Assignment: Write down exactly the line where "this 1920×1440 image." occurs and every line that follows it through the end of the material below; include nothing else.

Supplied information:
- - - - -

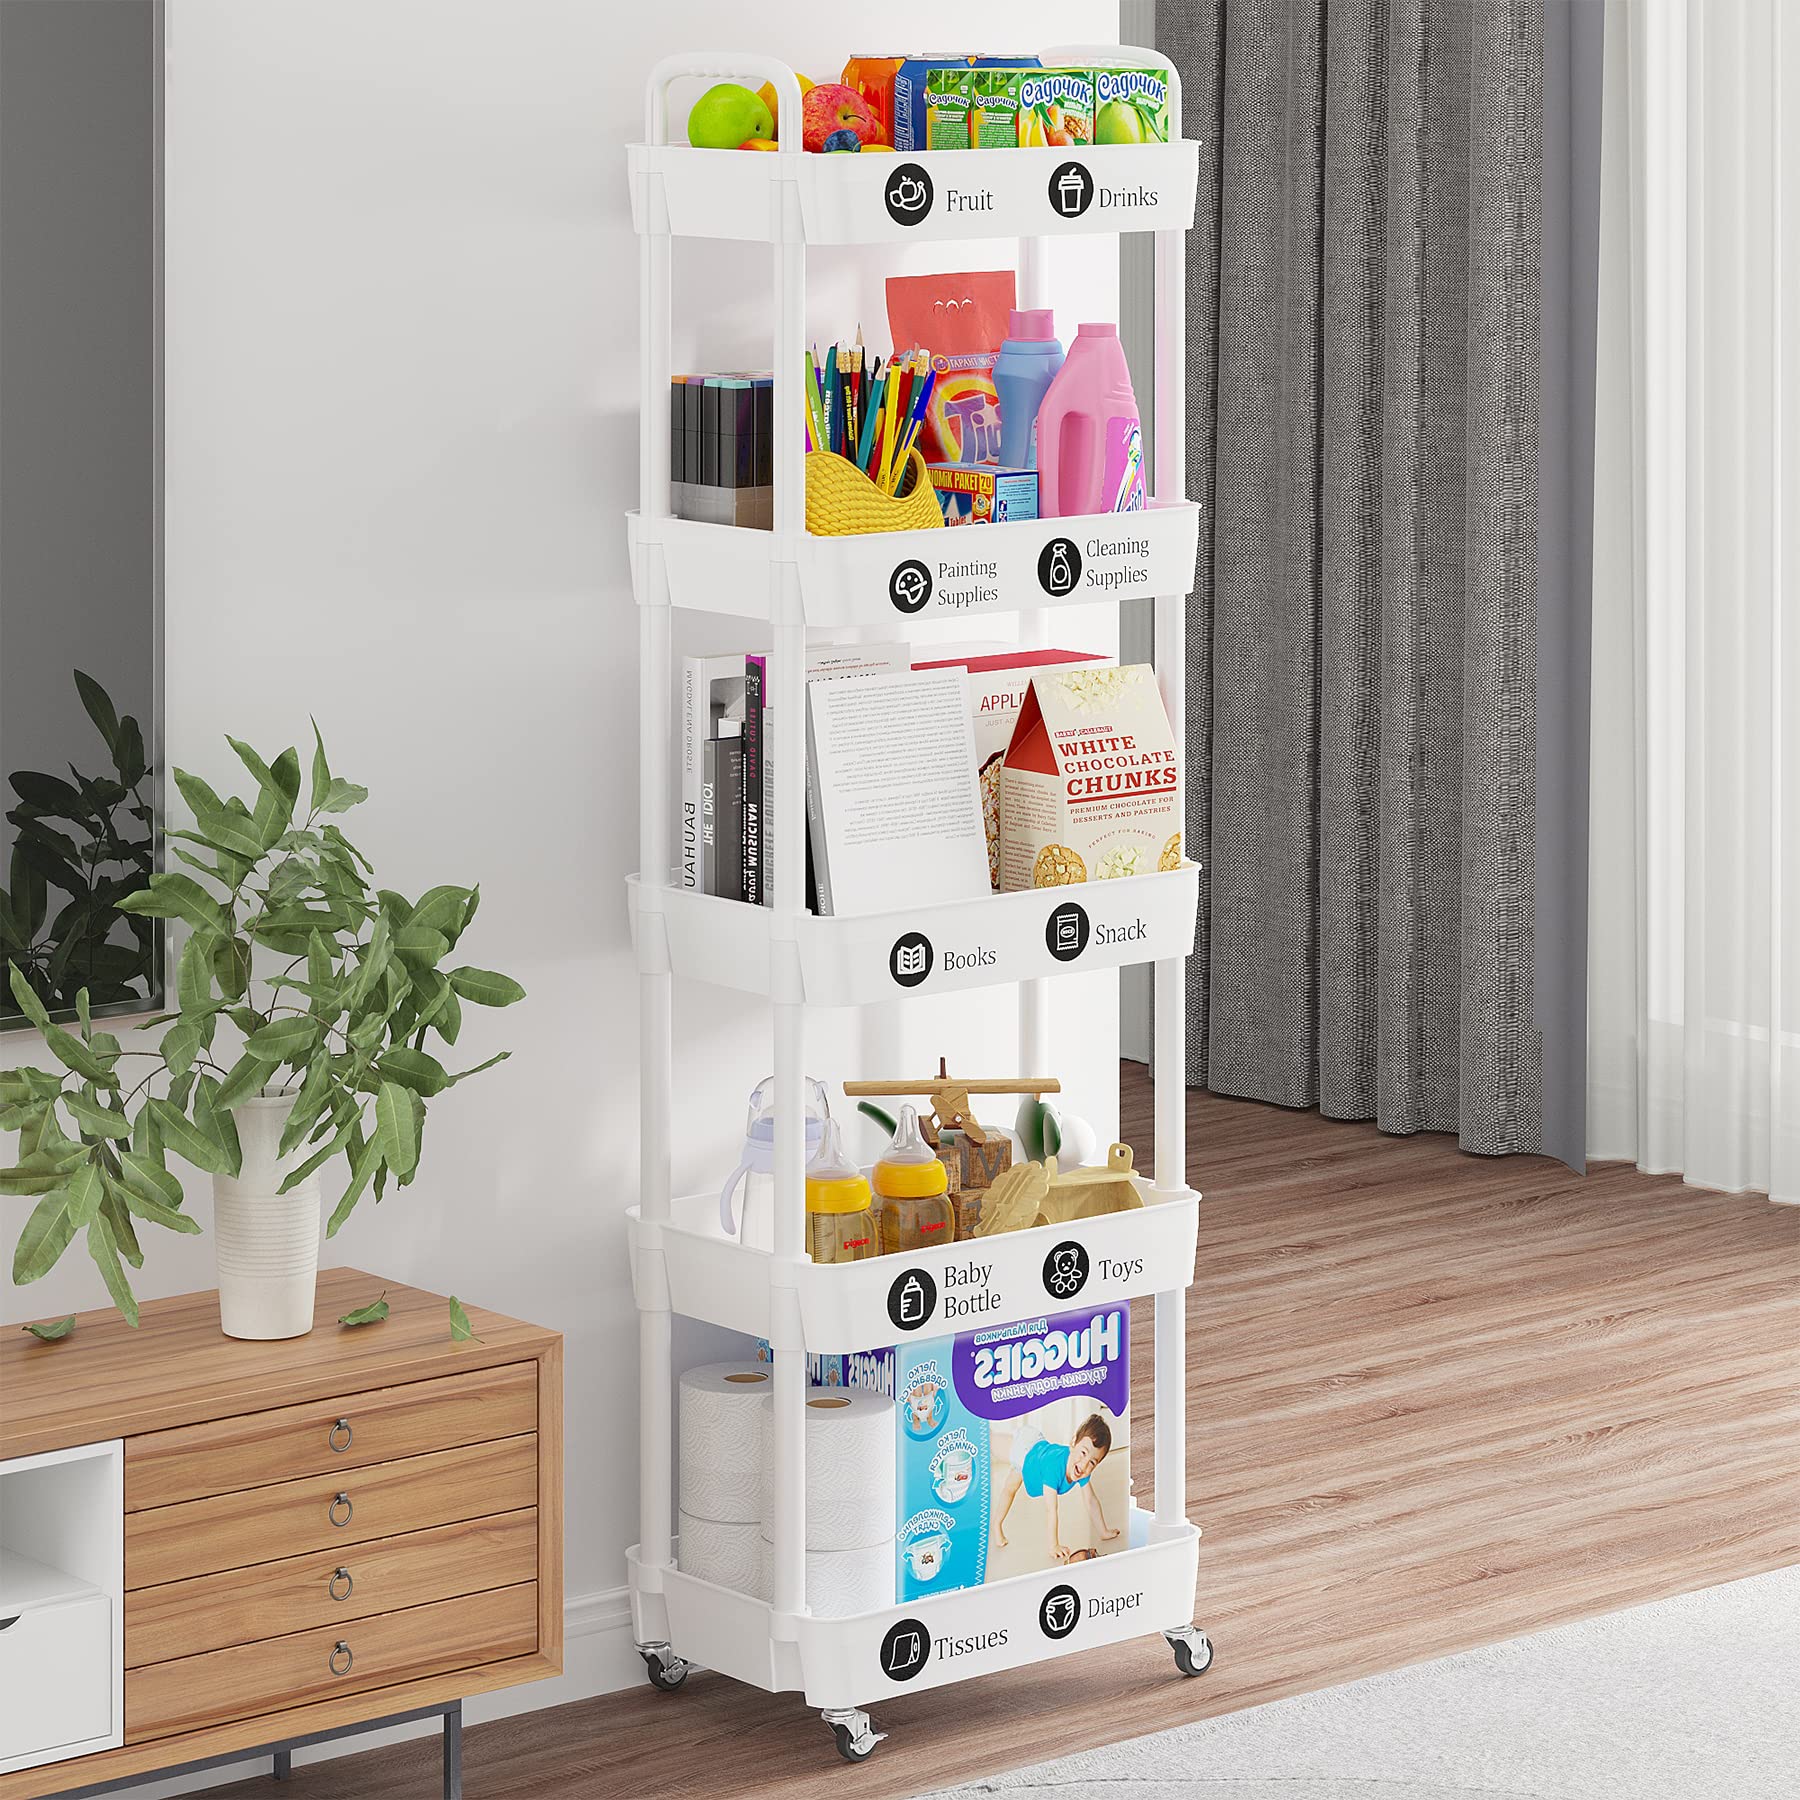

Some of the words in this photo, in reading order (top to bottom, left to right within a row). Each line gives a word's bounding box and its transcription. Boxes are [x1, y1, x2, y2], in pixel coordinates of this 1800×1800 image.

[1021, 78, 1091, 108] Садочок
[1097, 73, 1166, 101] Садочок
[929, 94, 970, 107] Садочок
[976, 95, 1018, 109] Садочок
[946, 189, 994, 212] Fruit
[1099, 186, 1158, 208] Drinks
[955, 472, 979, 491] PAKET
[980, 475, 991, 488] 70
[1086, 537, 1149, 558] Cleaning
[938, 560, 998, 580] Painting
[1086, 565, 1148, 591] Supplies
[938, 587, 998, 608] Supplies
[985, 718, 1003, 727] JUST
[1058, 735, 1137, 757] WHITE
[1064, 750, 1175, 774] CHOCOLATE
[1066, 767, 1177, 796] CHUNKS
[1070, 804, 1108, 815] PREMIUM
[1109, 799, 1157, 809] CHOCOLATE
[1158, 796, 1174, 804] FOR
[1073, 813, 1113, 824] DESSERTS
[1133, 806, 1171, 817] PASTRIES
[1088, 831, 1115, 849] PERFECT
[1133, 829, 1156, 840] BAKING
[1095, 918, 1148, 945] Snack
[944, 947, 997, 972] Books
[843, 1237, 870, 1250] pigeon
[944, 1260, 993, 1290] Baby
[1099, 1256, 1143, 1283] Toys
[944, 1289, 1001, 1320] Bottle
[1088, 1591, 1144, 1619] Diaper
[934, 1628, 1009, 1661] Tissues
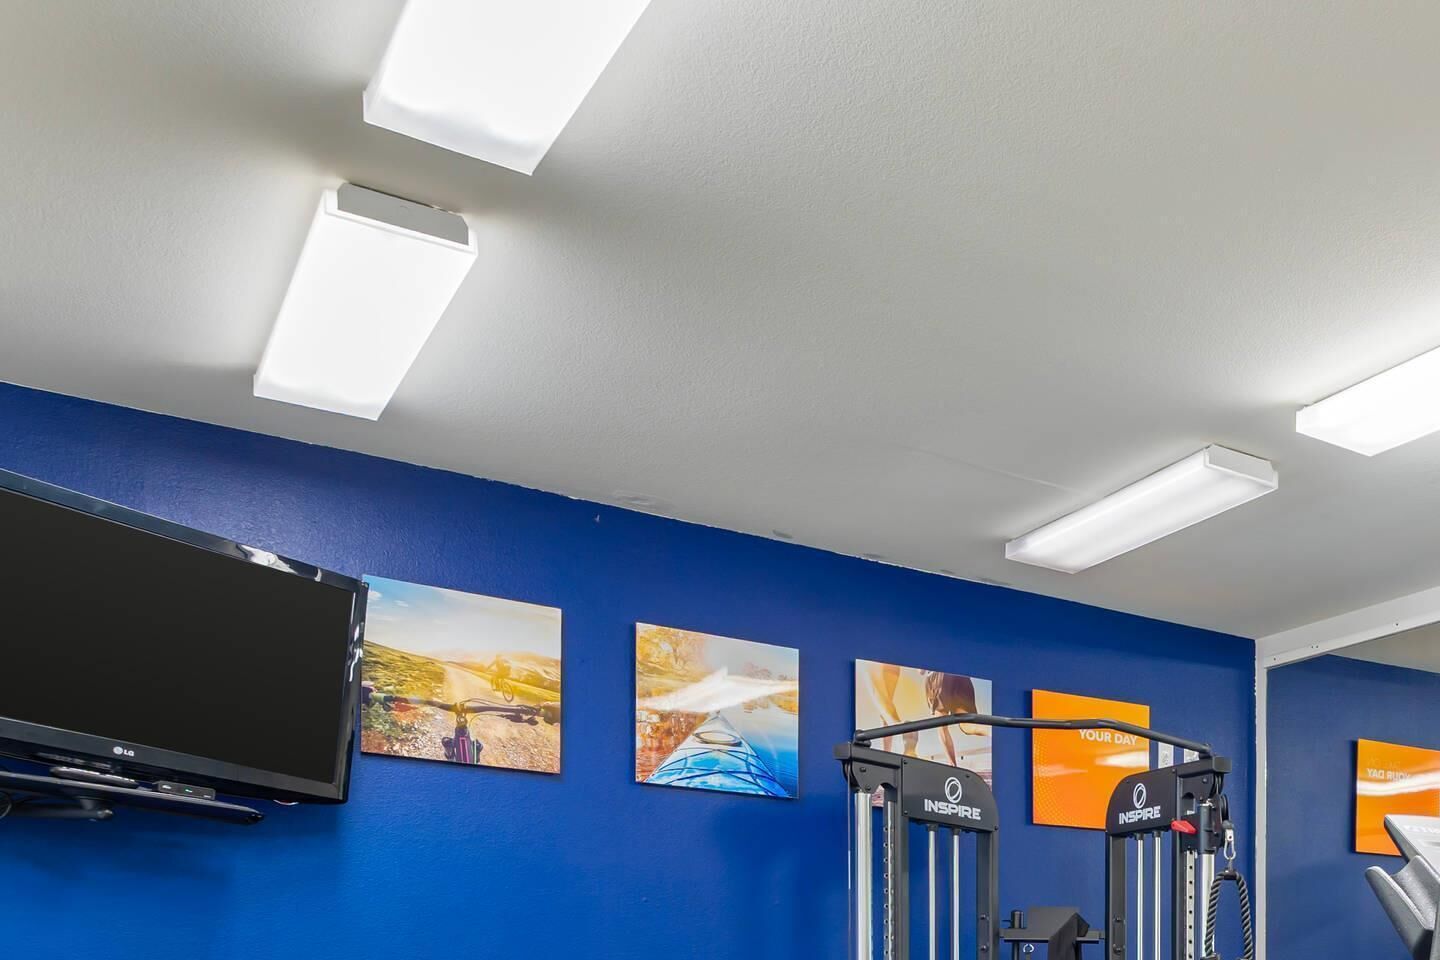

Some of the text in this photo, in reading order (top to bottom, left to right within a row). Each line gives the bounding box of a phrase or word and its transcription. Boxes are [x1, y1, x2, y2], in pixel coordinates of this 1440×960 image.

[1079, 729, 1137, 746] YOUR DAY
[924, 798, 982, 821] INSPIRE
[1118, 805, 1161, 825] INSPIRE
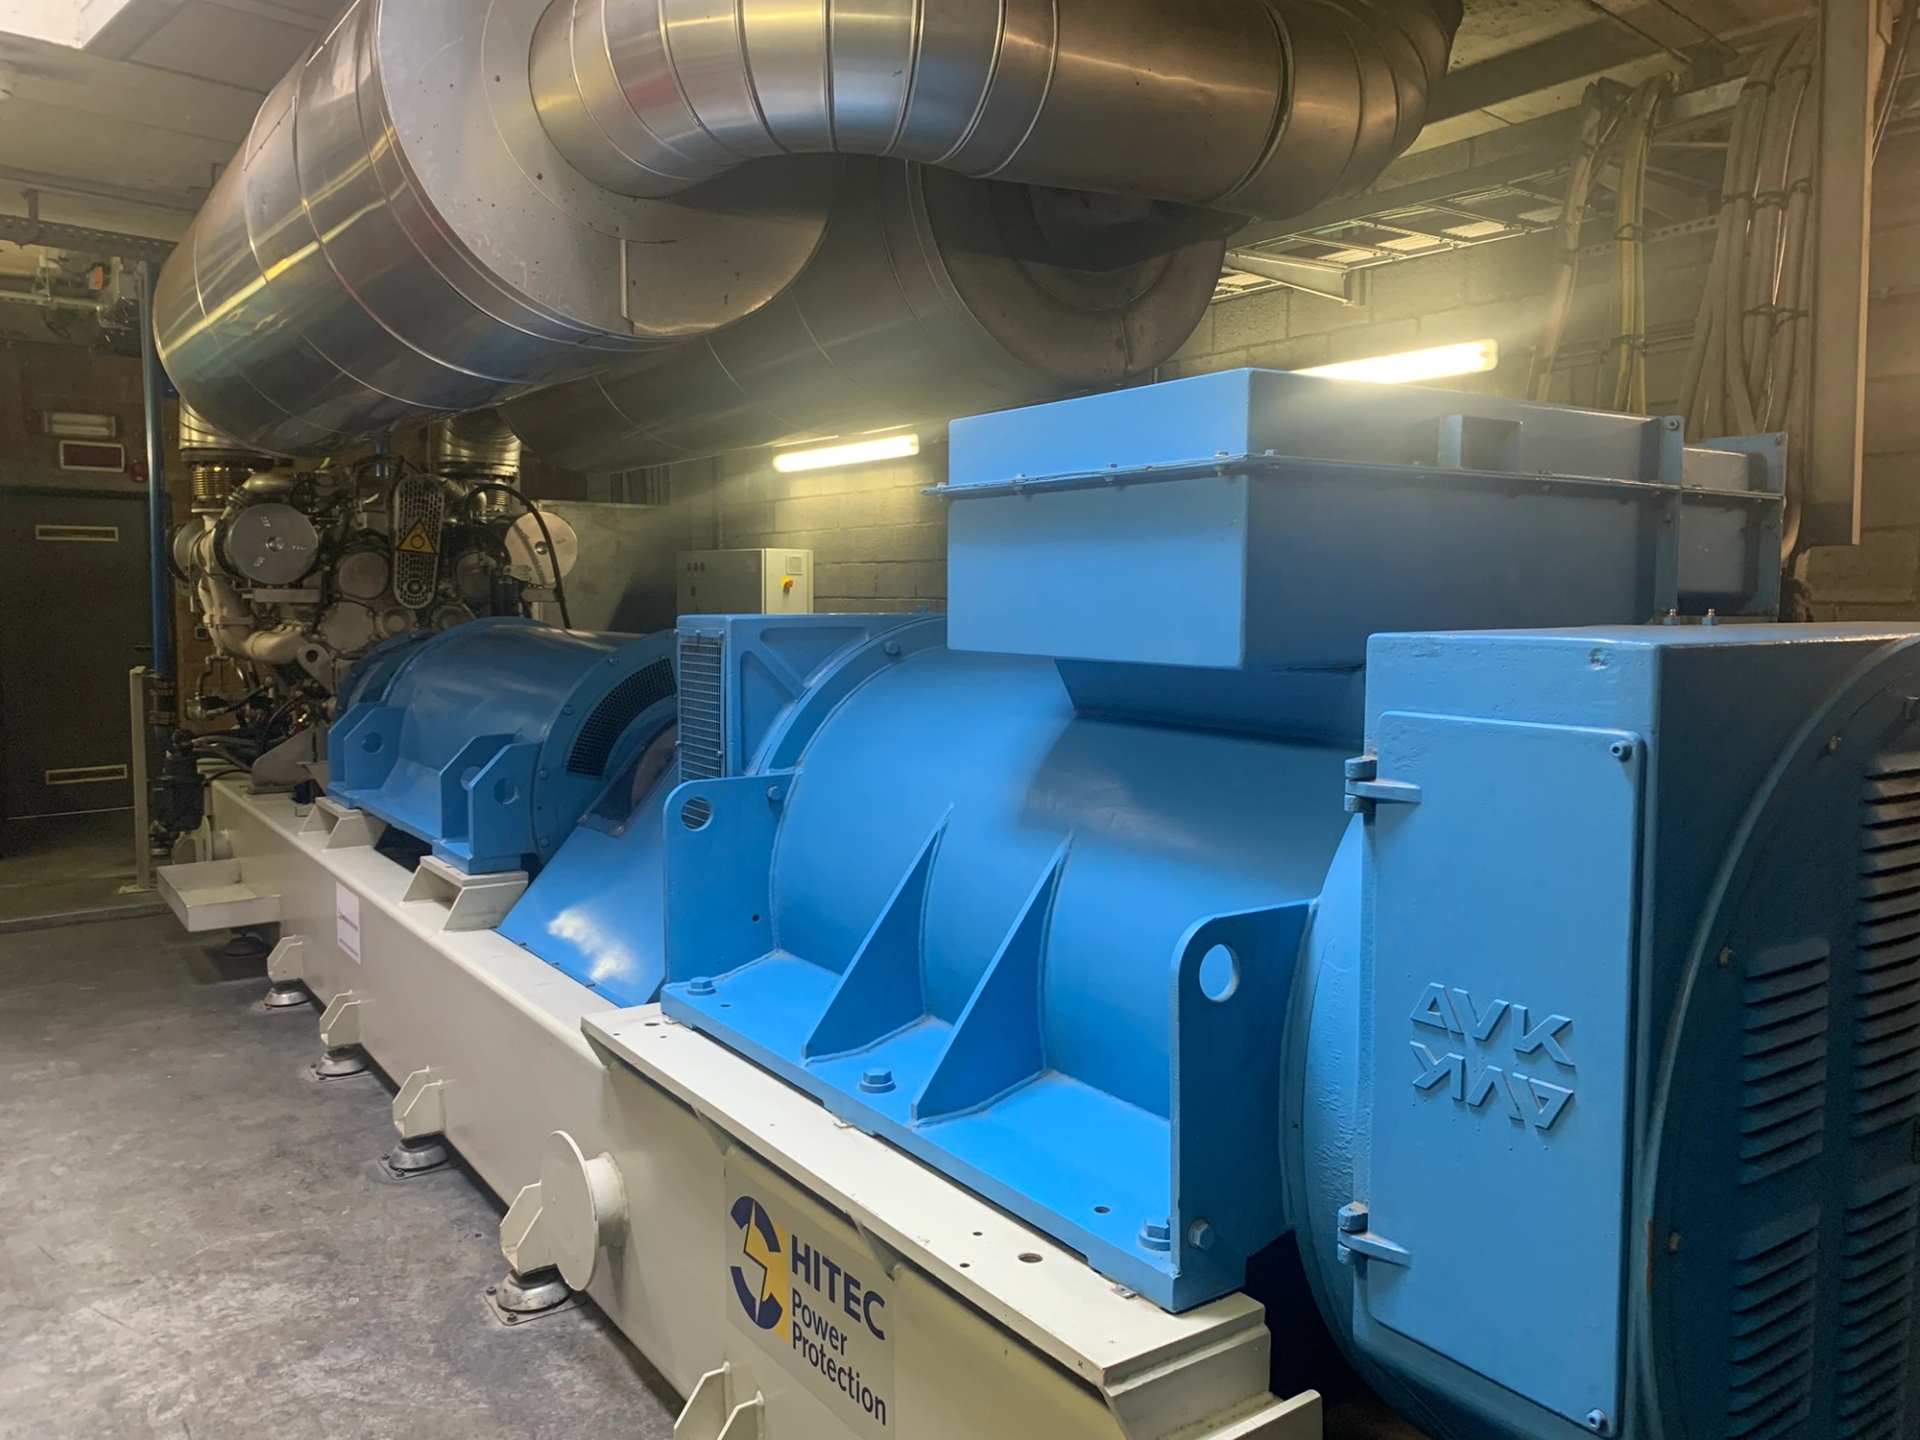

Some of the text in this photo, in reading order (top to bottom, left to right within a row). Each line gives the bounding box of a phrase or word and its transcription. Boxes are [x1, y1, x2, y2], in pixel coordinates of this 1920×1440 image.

[1410, 982, 1575, 1067] AVK
[791, 1234, 886, 1341] HITEC
[792, 1287, 848, 1356] Power
[792, 1320, 887, 1427] Protection

- - - - -

Solution to this task:
Some of the text in this photo, in reading order (top to bottom, left to right within a row). Each line gives the bounding box of a phrase or word and its transcription. Boxes are [x1, y1, x2, y2], in pixel coordinates of this 1920×1440 image.

[1410, 982, 1575, 1067] AVK
[791, 1234, 886, 1341] HITEC
[792, 1287, 848, 1356] Power
[792, 1320, 887, 1427] Protection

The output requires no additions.